Goal of the exercise =
Would you print the records below without changing anything?

══ Excerpted records

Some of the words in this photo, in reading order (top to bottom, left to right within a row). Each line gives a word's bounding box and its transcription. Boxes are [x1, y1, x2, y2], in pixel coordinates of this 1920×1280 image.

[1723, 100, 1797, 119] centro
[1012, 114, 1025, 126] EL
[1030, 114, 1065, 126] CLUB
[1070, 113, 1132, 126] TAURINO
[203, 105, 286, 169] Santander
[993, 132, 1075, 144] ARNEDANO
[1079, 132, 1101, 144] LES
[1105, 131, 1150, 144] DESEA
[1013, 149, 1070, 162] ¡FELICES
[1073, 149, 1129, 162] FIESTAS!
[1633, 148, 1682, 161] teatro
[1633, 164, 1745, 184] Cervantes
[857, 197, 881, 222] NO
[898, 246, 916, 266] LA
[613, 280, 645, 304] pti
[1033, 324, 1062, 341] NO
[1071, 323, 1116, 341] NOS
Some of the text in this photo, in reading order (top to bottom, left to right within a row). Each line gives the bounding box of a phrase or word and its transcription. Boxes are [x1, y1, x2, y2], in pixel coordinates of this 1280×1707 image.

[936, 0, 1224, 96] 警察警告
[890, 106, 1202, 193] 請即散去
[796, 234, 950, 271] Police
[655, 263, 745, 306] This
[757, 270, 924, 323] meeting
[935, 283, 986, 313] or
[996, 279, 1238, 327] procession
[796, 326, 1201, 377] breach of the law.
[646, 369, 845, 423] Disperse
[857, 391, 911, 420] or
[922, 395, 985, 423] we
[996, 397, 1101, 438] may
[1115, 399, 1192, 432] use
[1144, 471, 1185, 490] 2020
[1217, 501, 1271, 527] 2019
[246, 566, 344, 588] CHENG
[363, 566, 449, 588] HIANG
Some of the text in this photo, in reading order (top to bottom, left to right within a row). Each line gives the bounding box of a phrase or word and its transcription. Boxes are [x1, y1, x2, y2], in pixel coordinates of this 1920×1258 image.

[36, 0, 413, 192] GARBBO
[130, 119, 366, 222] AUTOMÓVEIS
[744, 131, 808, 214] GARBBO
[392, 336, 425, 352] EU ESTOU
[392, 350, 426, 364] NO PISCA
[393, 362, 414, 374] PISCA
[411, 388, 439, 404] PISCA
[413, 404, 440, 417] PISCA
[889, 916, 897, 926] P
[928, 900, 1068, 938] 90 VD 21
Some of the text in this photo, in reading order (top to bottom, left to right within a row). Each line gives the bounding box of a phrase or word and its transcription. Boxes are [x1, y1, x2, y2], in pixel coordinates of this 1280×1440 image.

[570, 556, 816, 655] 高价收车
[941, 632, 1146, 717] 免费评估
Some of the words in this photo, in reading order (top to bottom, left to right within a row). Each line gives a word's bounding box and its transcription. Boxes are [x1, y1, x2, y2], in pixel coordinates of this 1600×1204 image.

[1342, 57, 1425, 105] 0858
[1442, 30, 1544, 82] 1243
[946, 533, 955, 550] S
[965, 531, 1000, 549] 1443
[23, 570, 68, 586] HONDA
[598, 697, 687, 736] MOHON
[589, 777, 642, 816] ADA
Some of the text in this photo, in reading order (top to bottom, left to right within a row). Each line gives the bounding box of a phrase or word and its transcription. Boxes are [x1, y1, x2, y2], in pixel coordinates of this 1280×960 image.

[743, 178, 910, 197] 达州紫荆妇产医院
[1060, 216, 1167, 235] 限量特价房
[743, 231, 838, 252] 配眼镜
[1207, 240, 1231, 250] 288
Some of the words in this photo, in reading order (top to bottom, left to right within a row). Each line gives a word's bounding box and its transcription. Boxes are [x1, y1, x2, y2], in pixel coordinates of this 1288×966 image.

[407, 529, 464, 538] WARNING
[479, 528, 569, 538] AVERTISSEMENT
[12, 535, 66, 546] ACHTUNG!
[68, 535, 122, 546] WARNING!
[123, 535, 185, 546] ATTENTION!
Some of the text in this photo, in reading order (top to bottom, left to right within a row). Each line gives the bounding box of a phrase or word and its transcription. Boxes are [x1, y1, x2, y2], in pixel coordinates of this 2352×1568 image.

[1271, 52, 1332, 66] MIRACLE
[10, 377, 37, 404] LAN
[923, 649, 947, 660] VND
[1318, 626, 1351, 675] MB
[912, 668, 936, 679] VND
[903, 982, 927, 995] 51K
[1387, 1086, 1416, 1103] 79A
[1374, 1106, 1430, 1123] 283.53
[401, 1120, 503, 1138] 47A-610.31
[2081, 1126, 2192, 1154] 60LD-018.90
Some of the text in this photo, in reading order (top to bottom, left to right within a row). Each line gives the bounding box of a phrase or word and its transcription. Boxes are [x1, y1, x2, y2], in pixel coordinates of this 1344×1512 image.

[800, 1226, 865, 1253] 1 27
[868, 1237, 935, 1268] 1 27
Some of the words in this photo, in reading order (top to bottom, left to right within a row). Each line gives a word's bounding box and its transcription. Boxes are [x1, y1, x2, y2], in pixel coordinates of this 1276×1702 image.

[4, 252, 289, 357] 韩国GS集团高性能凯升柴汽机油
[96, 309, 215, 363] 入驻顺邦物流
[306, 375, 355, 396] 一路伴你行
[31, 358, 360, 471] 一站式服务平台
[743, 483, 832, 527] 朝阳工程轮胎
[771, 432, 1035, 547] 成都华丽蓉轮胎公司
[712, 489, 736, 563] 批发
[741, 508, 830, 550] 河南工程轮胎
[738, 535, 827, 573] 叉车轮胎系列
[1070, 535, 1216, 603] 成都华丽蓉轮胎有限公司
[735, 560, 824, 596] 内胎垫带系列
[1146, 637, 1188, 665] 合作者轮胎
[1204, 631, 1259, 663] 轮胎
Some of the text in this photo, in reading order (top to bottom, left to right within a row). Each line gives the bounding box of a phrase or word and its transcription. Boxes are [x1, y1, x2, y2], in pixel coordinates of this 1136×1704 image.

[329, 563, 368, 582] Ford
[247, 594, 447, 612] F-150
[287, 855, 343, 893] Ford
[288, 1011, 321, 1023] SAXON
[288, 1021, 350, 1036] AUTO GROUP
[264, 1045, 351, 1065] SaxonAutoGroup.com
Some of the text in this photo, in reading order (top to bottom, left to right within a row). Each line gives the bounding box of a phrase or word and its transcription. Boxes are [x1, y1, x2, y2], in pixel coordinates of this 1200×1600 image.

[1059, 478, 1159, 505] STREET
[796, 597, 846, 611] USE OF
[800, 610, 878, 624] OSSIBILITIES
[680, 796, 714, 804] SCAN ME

════

Response to this exercise =
Some of the words in this photo, in reading order (top to bottom, left to right within a row). Each line gives a word's bounding box and its transcription. Boxes are [x1, y1, x2, y2], in pixel coordinates of this 1920×1280 image.

[1723, 100, 1797, 119] centro
[1012, 114, 1025, 126] EL
[1030, 114, 1065, 126] CLUB
[1070, 113, 1132, 126] TAURINO
[203, 105, 286, 169] Santander
[993, 132, 1075, 144] ARNEDANO
[1079, 132, 1101, 144] LES
[1105, 131, 1150, 144] DESEA
[1013, 149, 1070, 162] ¡FELICES
[1073, 149, 1129, 162] FIESTAS!
[1633, 148, 1682, 161] teatro
[1633, 164, 1745, 184] Cervantes
[857, 197, 881, 222] NO
[898, 246, 916, 266] LA
[613, 280, 645, 304] pti
[1033, 324, 1062, 341] NO
[1071, 323, 1116, 341] NOS
Some of the text in this photo, in reading order (top to bottom, left to right within a row). Each line gives the bounding box of a phrase or word and its transcription. Boxes are [x1, y1, x2, y2], in pixel coordinates of this 1280×1707 image.

[936, 0, 1224, 96] 警察警告
[890, 106, 1202, 193] 請即散去
[796, 234, 950, 271] Police
[655, 263, 745, 306] This
[757, 270, 924, 323] meeting
[935, 283, 986, 313] or
[996, 279, 1238, 327] procession
[796, 326, 1201, 377] breach of the law.
[646, 369, 845, 423] Disperse
[857, 391, 911, 420] or
[922, 395, 985, 423] we
[996, 397, 1101, 438] may
[1115, 399, 1192, 432] use
[1144, 471, 1185, 490] 2020
[1217, 501, 1271, 527] 2019
[246, 566, 344, 588] CHENG
[363, 566, 449, 588] HIANG
Some of the text in this photo, in reading order (top to bottom, left to right within a row). Each line gives the bounding box of a phrase or word and its transcription. Boxes are [x1, y1, x2, y2], in pixel coordinates of this 1920×1258 image.

[36, 0, 413, 192] GARBBO
[130, 119, 366, 222] AUTOMÓVEIS
[744, 131, 808, 214] GARBBO
[392, 336, 425, 352] EU ESTOU
[392, 350, 426, 364] NO PISCA
[393, 362, 414, 374] PISCA
[411, 388, 439, 404] PISCA
[413, 404, 440, 417] PISCA
[889, 916, 897, 926] P
[928, 900, 1068, 938] 90 VD 21
Some of the text in this photo, in reading order (top to bottom, left to right within a row). Each line gives the bounding box of a phrase or word and its transcription. Boxes are [x1, y1, x2, y2], in pixel coordinates of this 1280×1440 image.

[570, 556, 816, 655] 高价收车
[941, 632, 1146, 717] 免费评估
Some of the words in this photo, in reading order (top to bottom, left to right within a row). Each line gives a word's bounding box and its transcription. Boxes are [x1, y1, x2, y2], in pixel coordinates of this 1600×1204 image.

[1342, 57, 1425, 105] 0858
[1442, 30, 1544, 82] 1243
[946, 533, 955, 550] S
[965, 531, 1000, 549] 1443
[23, 570, 68, 586] HONDA
[598, 697, 687, 736] MOHON
[589, 777, 642, 816] ADA
Some of the text in this photo, in reading order (top to bottom, left to right within a row). Each line gives the bounding box of a phrase or word and its transcription. Boxes are [x1, y1, x2, y2], in pixel coordinates of this 1280×960 image.

[743, 178, 910, 197] 达州紫荆妇产医院
[1060, 216, 1167, 235] 限量特价房
[743, 231, 838, 252] 配眼镜
[1207, 240, 1231, 250] 288
Some of the words in this photo, in reading order (top to bottom, left to right within a row). Each line gives a word's bounding box and its transcription. Boxes are [x1, y1, x2, y2], in pixel coordinates of this 1288×966 image.

[407, 529, 464, 538] WARNING
[479, 528, 569, 538] AVERTISSEMENT
[12, 535, 66, 546] ACHTUNG!
[68, 535, 122, 546] WARNING!
[123, 535, 185, 546] ATTENTION!
Some of the text in this photo, in reading order (top to bottom, left to right within a row). Each line gives the bounding box of a phrase or word and its transcription. Boxes are [x1, y1, x2, y2], in pixel coordinates of this 2352×1568 image.

[1271, 52, 1332, 66] MIRACLE
[10, 377, 37, 404] LAN
[923, 649, 947, 660] VND
[1318, 626, 1351, 675] MB
[912, 668, 936, 679] VND
[903, 982, 927, 995] 51K
[1387, 1086, 1416, 1103] 79A
[1374, 1106, 1430, 1123] 283.53
[401, 1120, 503, 1138] 47A-610.31
[2081, 1126, 2192, 1154] 60LD-018.90
Some of the text in this photo, in reading order (top to bottom, left to right within a row). Each line gives the bounding box of a phrase or word and its transcription. Boxes are [x1, y1, x2, y2], in pixel coordinates of this 1344×1512 image.

[800, 1226, 865, 1253] 1 27
[868, 1237, 935, 1268] 1 27
Some of the words in this photo, in reading order (top to bottom, left to right within a row). Each line gives a word's bounding box and its transcription. Boxes are [x1, y1, x2, y2], in pixel coordinates of this 1276×1702 image.

[4, 252, 289, 357] 韩国GS集团高性能凯升柴汽机油
[96, 309, 215, 363] 入驻顺邦物流
[306, 375, 355, 396] 一路伴你行
[31, 358, 360, 471] 一站式服务平台
[743, 483, 832, 527] 朝阳工程轮胎
[771, 432, 1035, 547] 成都华丽蓉轮胎公司
[712, 489, 736, 563] 批发
[741, 508, 830, 550] 河南工程轮胎
[738, 535, 827, 573] 叉车轮胎系列
[1070, 535, 1216, 603] 成都华丽蓉轮胎有限公司
[735, 560, 824, 596] 内胎垫带系列
[1146, 637, 1188, 665] 合作者轮胎
[1204, 631, 1259, 663] 轮胎
Some of the text in this photo, in reading order (top to bottom, left to right within a row). Each line gives the bounding box of a phrase or word and its transcription. Boxes are [x1, y1, x2, y2], in pixel coordinates of this 1136×1704 image.

[329, 563, 368, 582] Ford
[247, 594, 447, 612] F-150
[287, 855, 343, 893] Ford
[288, 1011, 321, 1023] SAXON
[288, 1021, 350, 1036] AUTO GROUP
[264, 1045, 351, 1065] SaxonAutoGroup.com
Some of the text in this photo, in reading order (top to bottom, left to right within a row). Each line gives the bounding box of a phrase or word and its transcription. Boxes are [x1, y1, x2, y2], in pixel coordinates of this 1200×1600 image.

[1059, 478, 1159, 505] STREET
[796, 597, 846, 611] USE OF
[800, 610, 878, 624] OSSIBILITIES
[680, 796, 714, 804] SCAN ME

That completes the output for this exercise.